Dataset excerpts
=== Begin Enclosure ===

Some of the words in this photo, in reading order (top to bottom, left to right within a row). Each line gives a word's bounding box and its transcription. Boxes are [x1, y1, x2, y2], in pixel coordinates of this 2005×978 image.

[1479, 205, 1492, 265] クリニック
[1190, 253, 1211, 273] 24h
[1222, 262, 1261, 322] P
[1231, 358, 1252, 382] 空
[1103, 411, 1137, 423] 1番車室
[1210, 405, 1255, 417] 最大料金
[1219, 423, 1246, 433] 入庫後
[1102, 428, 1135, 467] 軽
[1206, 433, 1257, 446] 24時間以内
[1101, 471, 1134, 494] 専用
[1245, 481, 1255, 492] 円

=== End Enclosure ===

As the exercise requires, copy out the data shown above word for word.

Some of the words in this photo, in reading order (top to bottom, left to right within a row). Each line gives a word's bounding box and its transcription. Boxes are [x1, y1, x2, y2], in pixel coordinates of this 2005×978 image.

[1479, 205, 1492, 265] クリニック
[1190, 253, 1211, 273] 24h
[1222, 262, 1261, 322] P
[1231, 358, 1252, 382] 空
[1103, 411, 1137, 423] 1番車室
[1210, 405, 1255, 417] 最大料金
[1219, 423, 1246, 433] 入庫後
[1102, 428, 1135, 467] 軽
[1206, 433, 1257, 446] 24時間以内
[1101, 471, 1134, 494] 専用
[1245, 481, 1255, 492] 円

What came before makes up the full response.